2003年10月、トレッドウェルは恋人の医師助手、エイミー・ヒュグナード(Amie Huguenard, 1965年10月23日 - 2003年10月5日, ニューヨーク州バッファロー生)と共に、コディアック島からシェリコフ海峡を挟んだアラスカ半島にあるカトマイ国立公園を訪れた。ヴェルナー・ヘルツォークは『グリズリーマン』で、トレッドウェルの日記によると、「ヒュグナードは熊を恐れ、熊の存在を非常に不快に感じていた」と述べている。トレッドウェルは、秋にグリズリーがよく餌を食べるサケの小川の近くにキャンプ場を選んだ[8]。彼が公園にいたのは例年よりも遅く[2]、クマが冬になる前にできるだけ多くの脂肪を蓄えようとする時期であった。その秋には食料が不足していたため、グリズリーベアは比較的攻撃的になっていた[9]

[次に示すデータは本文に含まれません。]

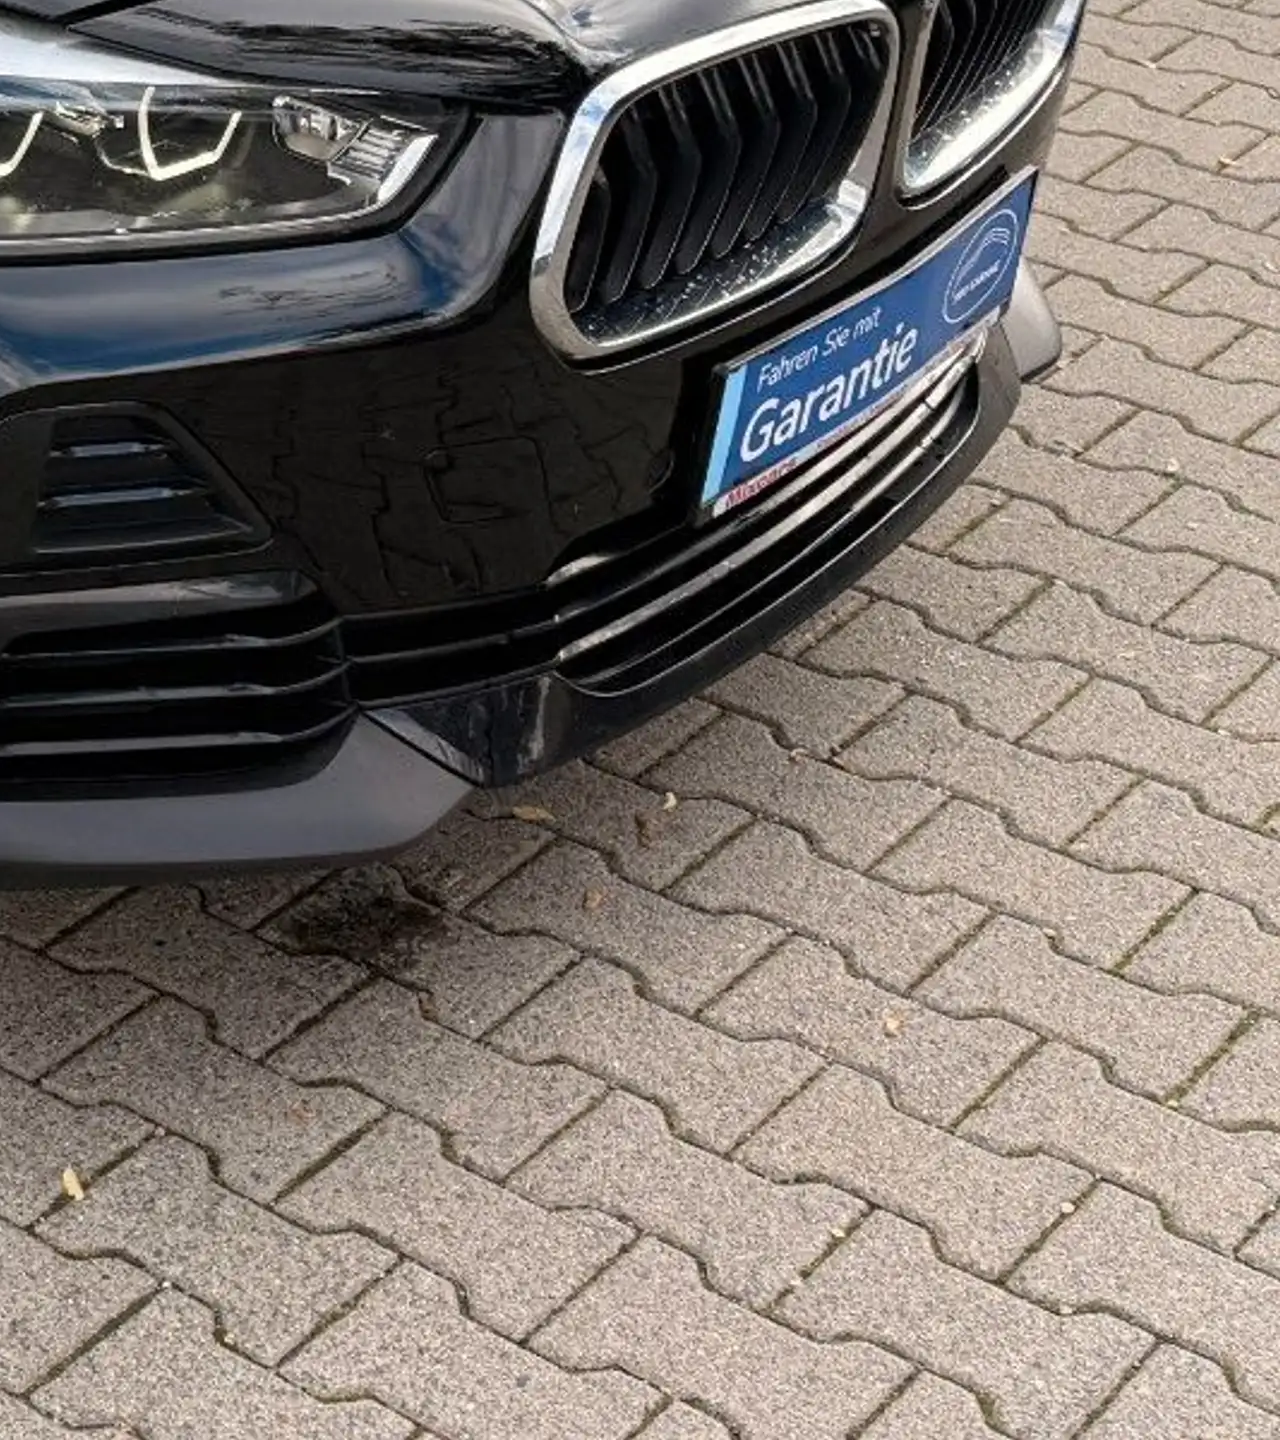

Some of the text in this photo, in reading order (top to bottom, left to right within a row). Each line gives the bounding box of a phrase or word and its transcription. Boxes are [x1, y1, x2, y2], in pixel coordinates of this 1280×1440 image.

トレッドウェルは例年の時期に公園を出る予定だったが、お気に入りのメスのヒグマを見つけるために滞在を1週間延長した。トレッドウェルは「私は現代文明が嫌いで、人間の周りの大都市にいるよりも自然の中でクマと一緒にいる方が快い。」と言っていた。しかしこの時点で夏の間に慣れ親しんだクマは既に冬眠に入り、公園の他の場所からトレッドウェルの知らないクマが移動してきていた。亡くなる数時間前にトレッドウェルが撮影した最後の映像の中には、死んだサケの一切れを求めて何度も川に飛び込んでいくクマの映像が含まれていた。トレッドウェルはその映像の中で、「その特定の熊の周りでは全く心安く感じなかった」と述べている。『グリズリーマン』の中でヘルツォークは、トレッドウェルが自分を殺したクマを撮影した可能性を示唆している。

 
襲撃現場の図、遺品と遺体、熊の痕を表示している。経度に誤りがある、東経ではなく西経。 北緯58度14分50.63秒 西経154度15分24.68秒 / 北緯58.2473972度 西経154.2568556度 / 58.2473972; -154.2568556

10月5日の正午頃に、トレッドウェルは衛星電話カリフォルニア州マリブの友人と会話した。翌日の10月6日コディアック島エアタクシーパイロット、ウィリー・フルトンはトレッドウェルとヒュグナードを迎えに彼らのキャンプ地へ行ったが、熊が1頭ばかりだったため地元の公園管理者に連絡した。捜索により間も無く2人の遺骸が発見された。トレッドウェルの頭部、背骨の一部、腕時計をつけたままの右前腕と手は、キャンプから少し離れたところで発見された。ヒュグナードの遺体の残骸は、一部が土饅頭に埋まった状態で引き裂かれ潰れたテントの横で発見された。キャンプ地にいた1頭の大きな雄のハイイログマ(Bear 141とタグ付けされた) は2人の遺体を取り戻すためにパーク・レンジャーによって射殺された。2頭目の若いクマもすぐ後にパークレンジャーに突撃して殺された。『Bear 141』の現場での剖検では、指や手足などの人間の体の一部が発見された。若いクマは剖検前に他の動物によって食い尽くされた。カトマイ国立公園85年の歴史上において、これが初めて認知された熊による殺人だった[10]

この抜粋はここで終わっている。